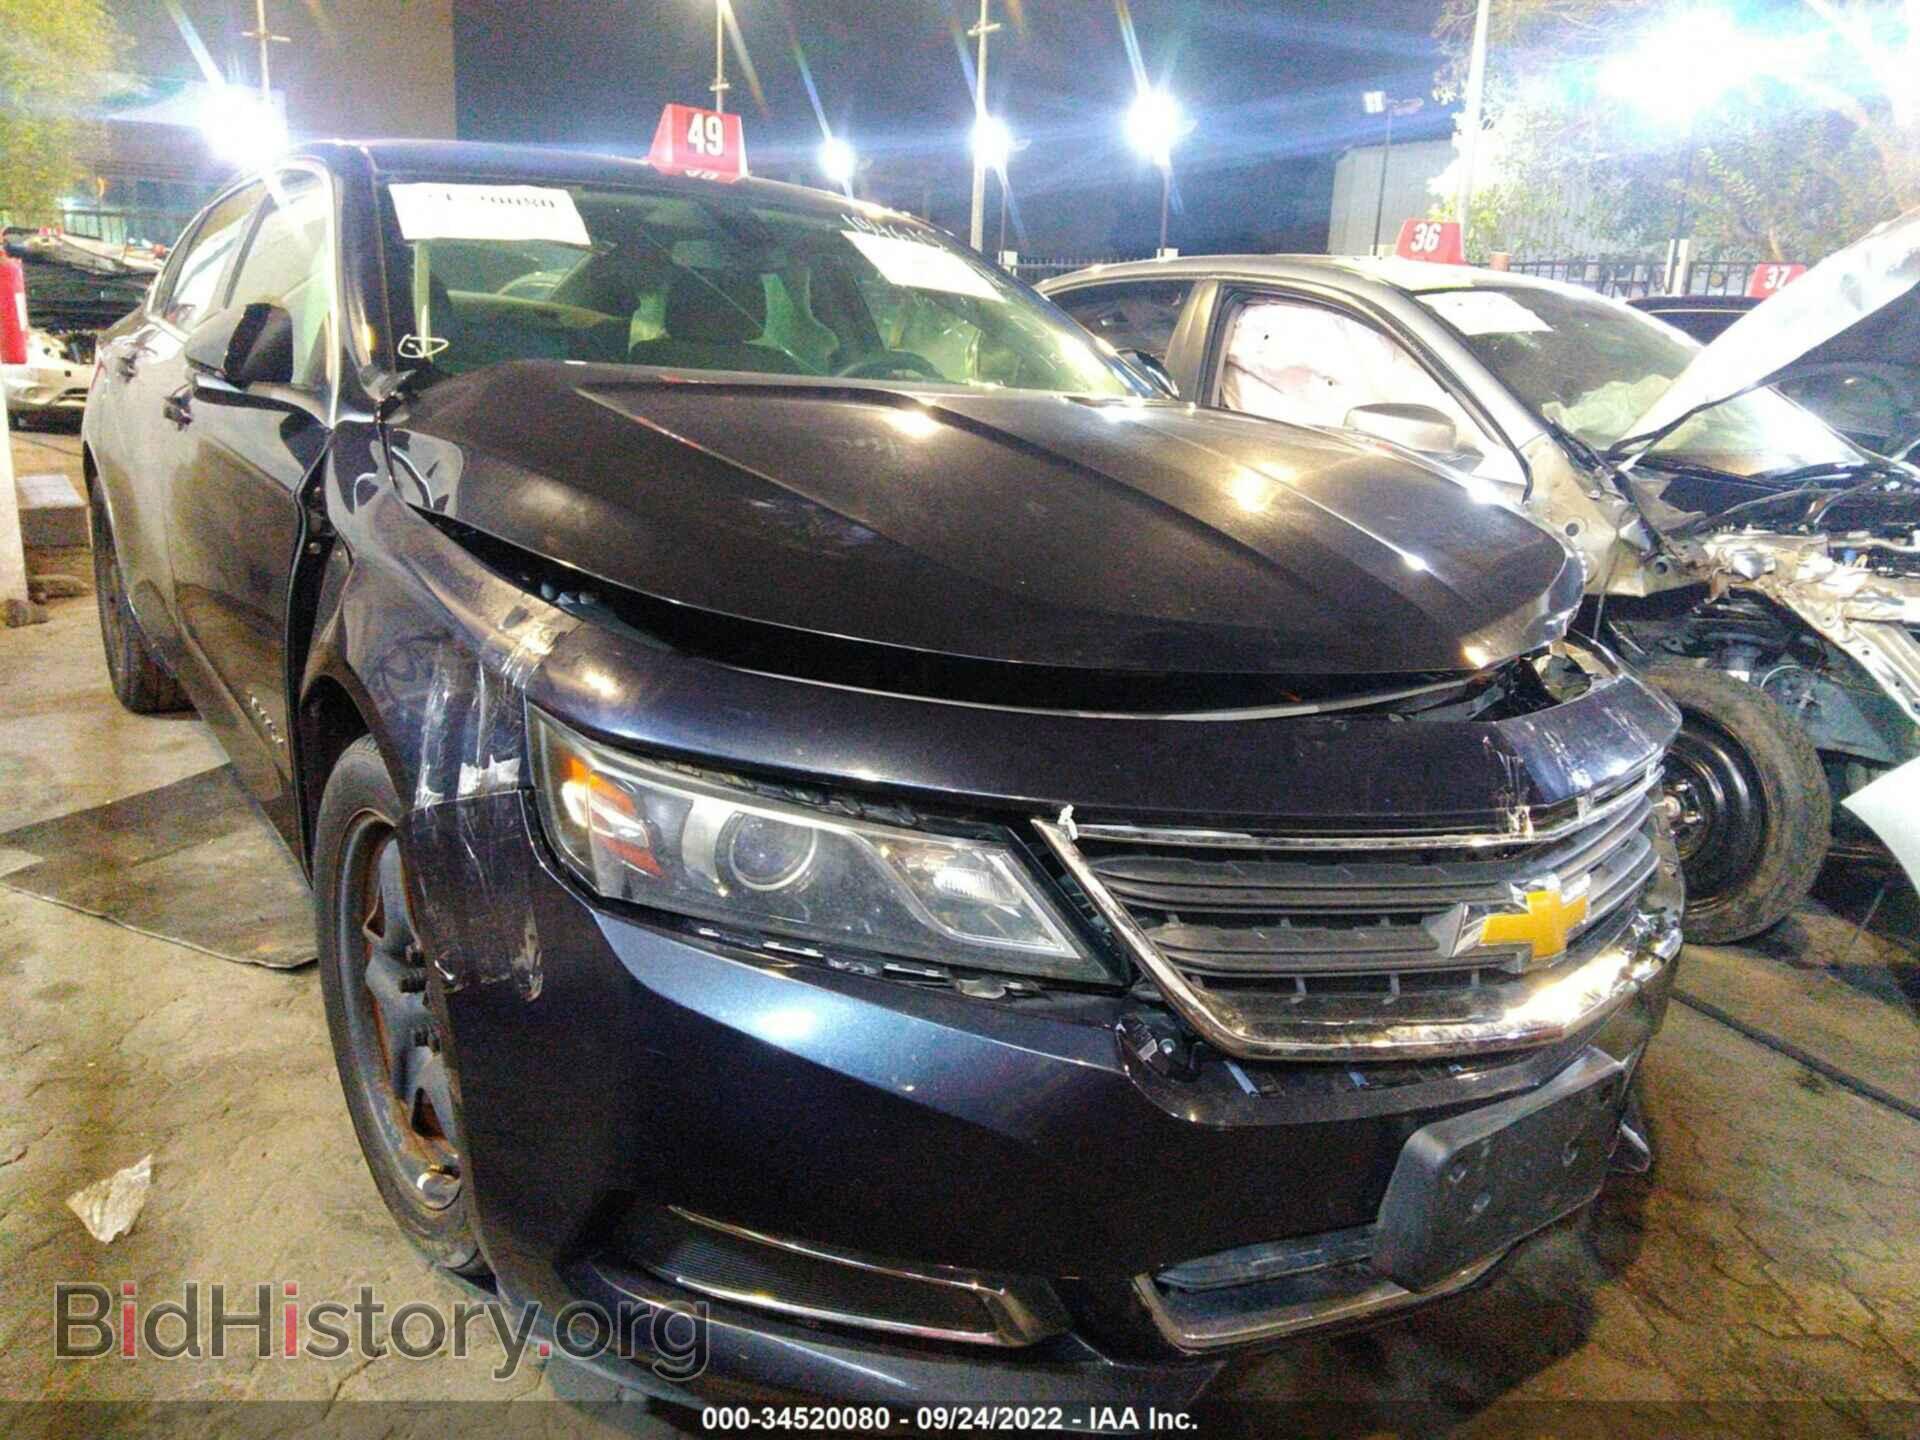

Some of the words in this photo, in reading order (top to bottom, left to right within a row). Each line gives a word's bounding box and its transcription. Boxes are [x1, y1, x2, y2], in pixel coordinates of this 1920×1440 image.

[688, 112, 724, 157] 49
[1409, 223, 1442, 254] 36
[1764, 264, 1792, 291] 37
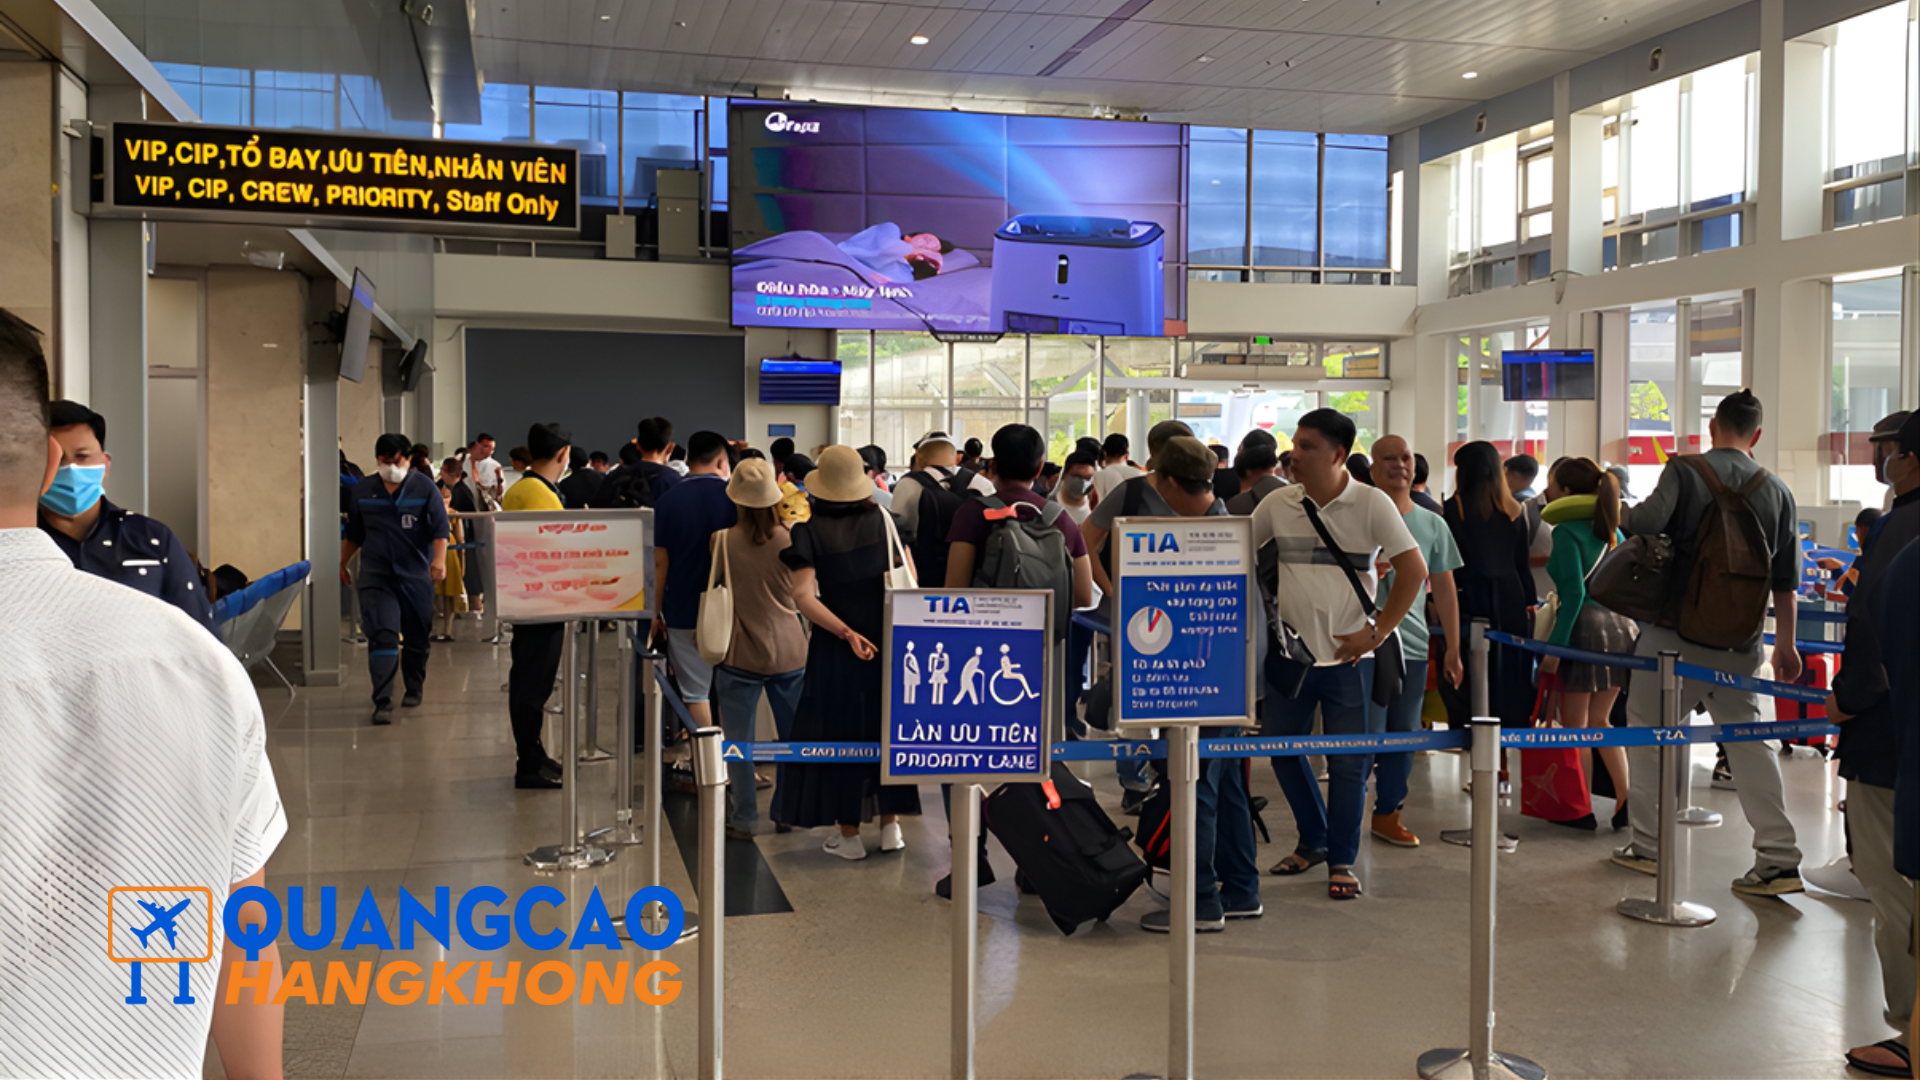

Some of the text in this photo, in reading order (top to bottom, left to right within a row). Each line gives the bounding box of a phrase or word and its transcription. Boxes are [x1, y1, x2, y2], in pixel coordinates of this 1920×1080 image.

[268, 146, 363, 175] BAY,ƯU
[510, 156, 567, 184] VIÊN
[135, 174, 559, 222] VIP, CIP, CREW, PRIORITY, Staff Only
[1125, 532, 1180, 554] TIA
[923, 595, 970, 614] TIA
[897, 718, 942, 742] LÀN
[1108, 743, 1152, 757] TIA
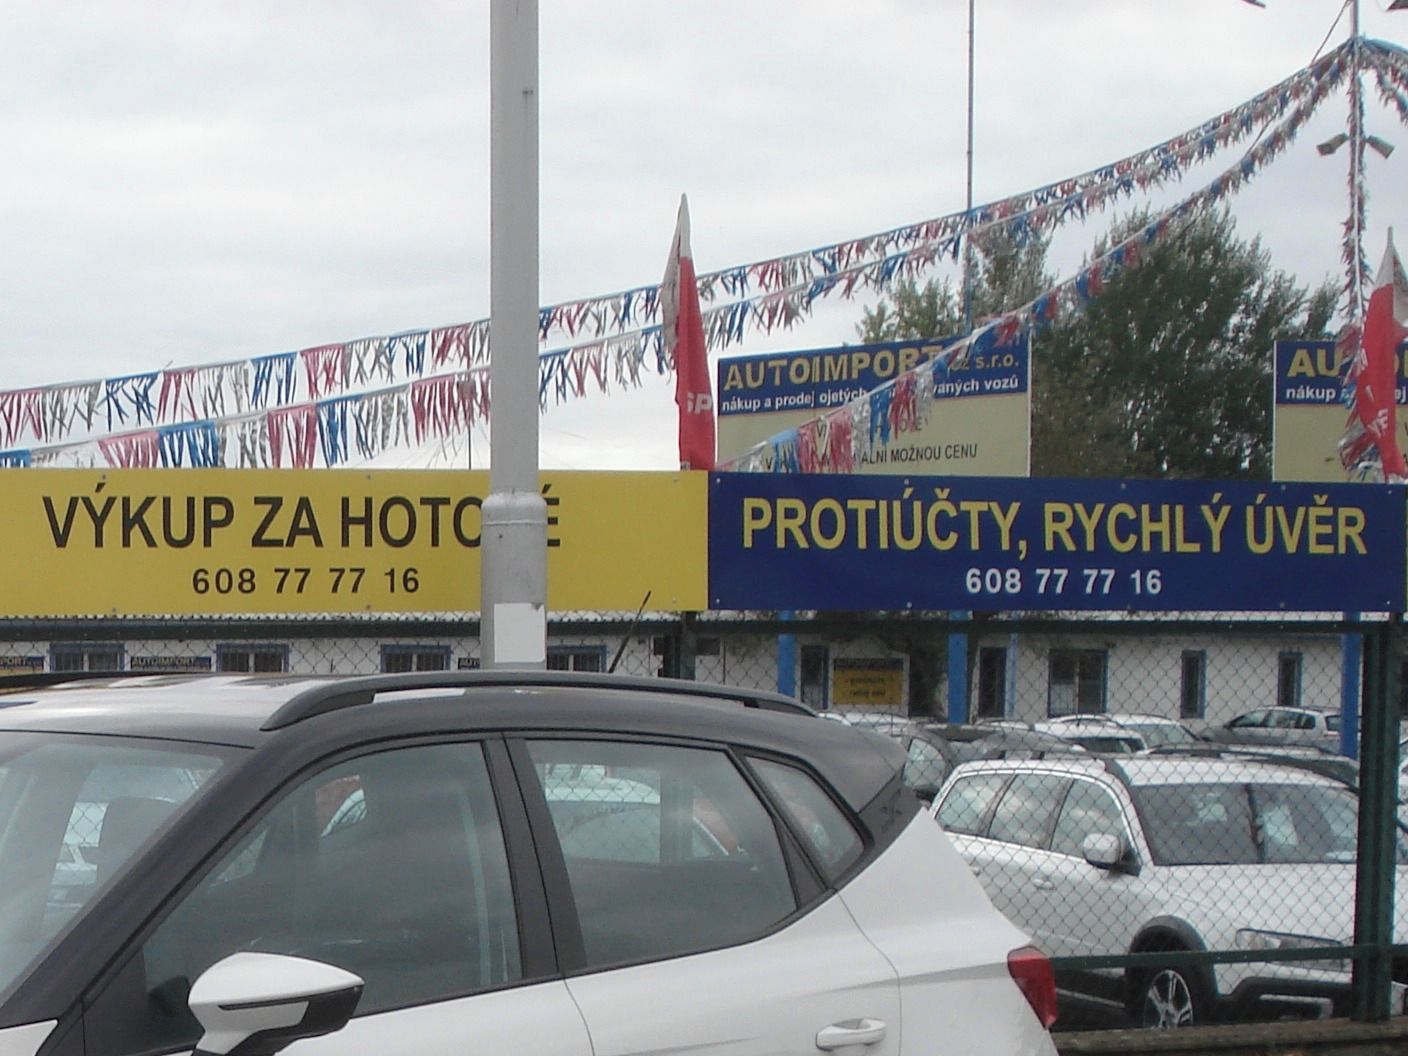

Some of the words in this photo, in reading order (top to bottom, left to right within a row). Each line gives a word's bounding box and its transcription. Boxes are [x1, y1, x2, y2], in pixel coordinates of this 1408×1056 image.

[976, 353, 1019, 369] s.r.o.
[722, 392, 760, 412] nákup
[764, 397, 772, 408] a
[775, 391, 815, 411] prodej
[984, 374, 1019, 390] vozů
[1286, 385, 1336, 402] nákup
[891, 443, 941, 463] MOŽNOU
[945, 444, 978, 460] CENU
[42, 482, 235, 548] VÝKUP
[251, 496, 324, 548] ZA
[340, 484, 560, 548] HOTOÉ
[743, 487, 1027, 560] PROTIÚČTY,
[1044, 492, 1232, 553] RYCHLÝ
[1246, 493, 1368, 554] ÚVĚR
[192, 567, 256, 594] 608
[274, 567, 311, 594] 77
[329, 567, 366, 594] 77
[384, 567, 419, 594] 16
[965, 567, 1022, 594] 608
[1035, 568, 1069, 594] 77
[1083, 568, 1116, 594] 77
[1131, 568, 1162, 595] 16
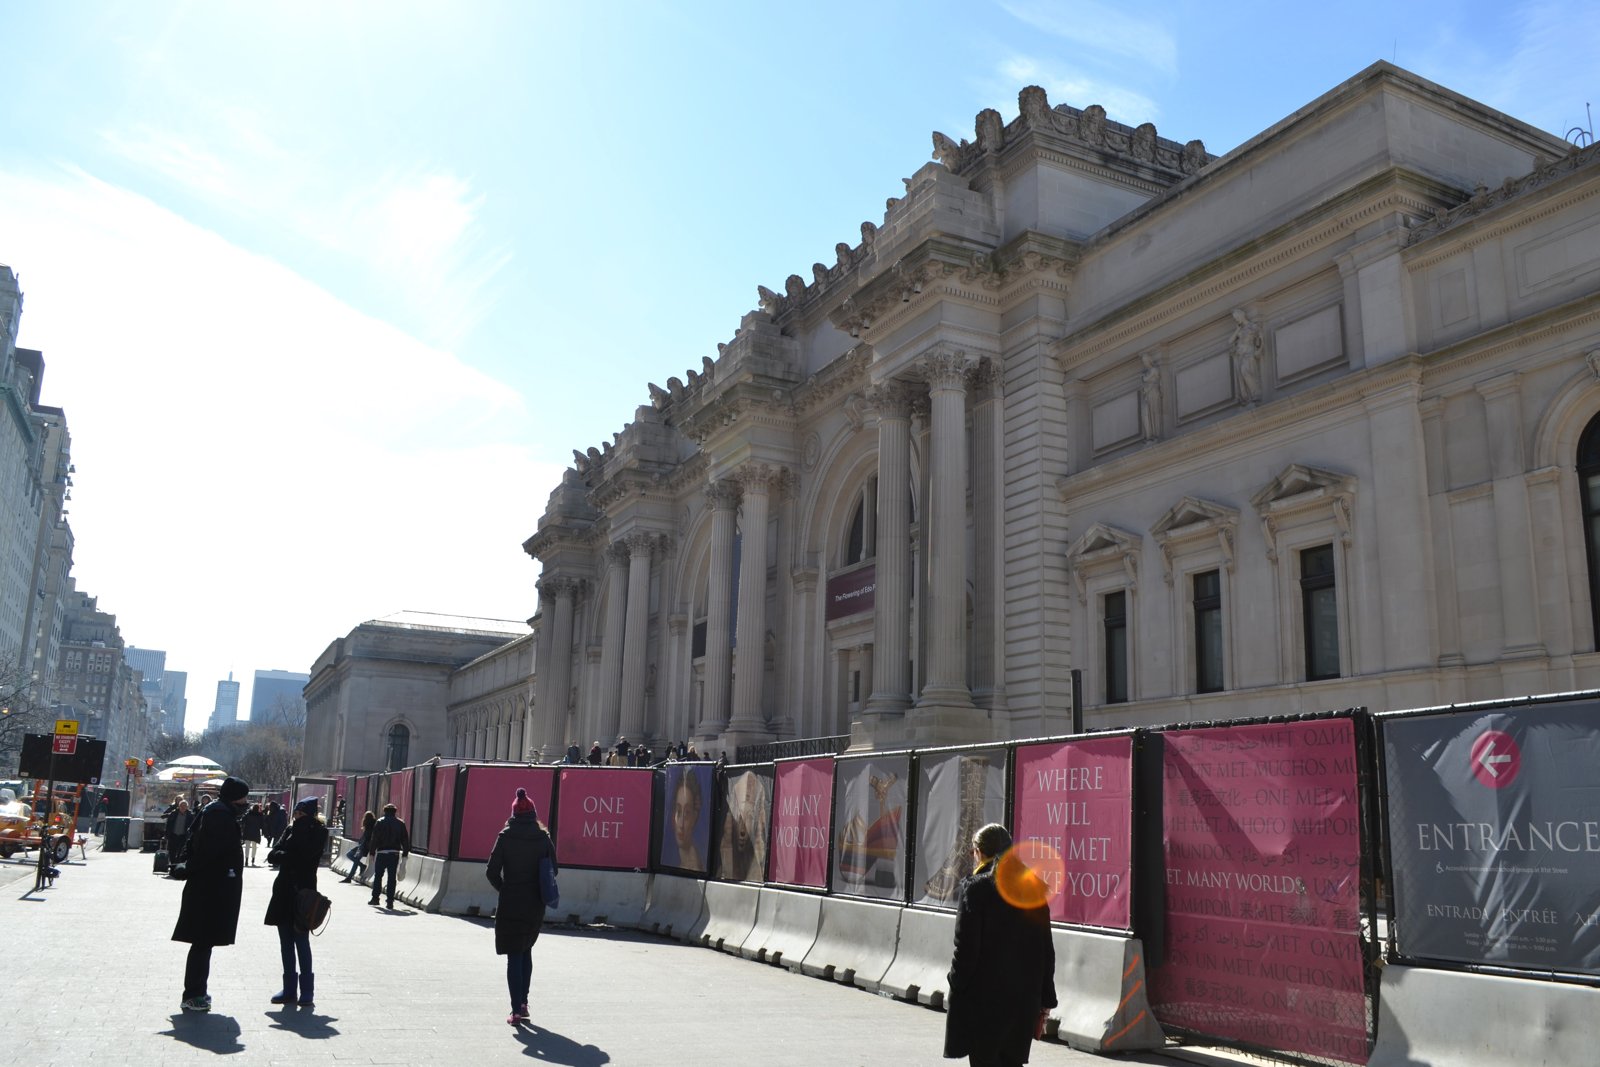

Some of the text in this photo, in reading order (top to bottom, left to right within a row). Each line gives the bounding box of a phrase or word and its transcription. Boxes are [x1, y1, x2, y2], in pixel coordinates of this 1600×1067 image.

####

Reproduce the listing exactly, images omitted.

Some of the words in this photo, in reading order (top to bottom, left to right within a row). Each line gives a word's bounding box and its transcription. Boxes are [x1, y1, x2, y2], in pixel coordinates of this 1920×1440 image.

[688, 112, 724, 157] 49
[1409, 223, 1442, 254] 36
[1764, 264, 1792, 291] 37

Some of the text in this photo, in reading order (top to bottom, left to right within a row). Each line gives the bounding box of a phrase or word and its transcription. Boxes are [x1, y1, x2, y2], in pixel coordinates of this 1920×1080 image.

[268, 146, 363, 175] BAY,ƯU
[510, 156, 567, 184] VIÊN
[135, 174, 559, 222] VIP, CIP, CREW, PRIORITY, Staff Only
[1125, 532, 1180, 554] TIA
[923, 595, 970, 614] TIA
[897, 718, 942, 742] LÀN
[1108, 743, 1152, 757] TIA

Some of the words in this photo, in reading order (top to bottom, left to right within a row). Each line gives a word's bounding box and its transcription. Boxes are [x1, y1, x2, y2], in pixel coordinates of this 1408×1056 image.

[976, 353, 1019, 369] s.r.o.
[722, 392, 760, 412] nákup
[764, 397, 772, 408] a
[775, 391, 815, 411] prodej
[984, 374, 1019, 390] vozů
[1286, 385, 1336, 402] nákup
[891, 443, 941, 463] MOŽNOU
[945, 444, 978, 460] CENU
[42, 482, 235, 548] VÝKUP
[251, 496, 324, 548] ZA
[340, 484, 560, 548] HOTOÉ
[743, 487, 1027, 560] PROTIÚČTY,
[1044, 492, 1232, 553] RYCHLÝ
[1246, 493, 1368, 554] ÚVĚR
[192, 567, 256, 594] 608
[274, 567, 311, 594] 77
[329, 567, 366, 594] 77
[384, 567, 419, 594] 16
[965, 567, 1022, 594] 608
[1035, 568, 1069, 594] 77
[1083, 568, 1116, 594] 77
[1131, 568, 1162, 595] 16

Some of the text in this photo, in reading order (top to bottom, left to right within a row). Each line gives the bounding box of a phrase or word and its transcription. Boxes are [x1, y1, x2, y2], in pixel coordinates of this 1600×1067 image.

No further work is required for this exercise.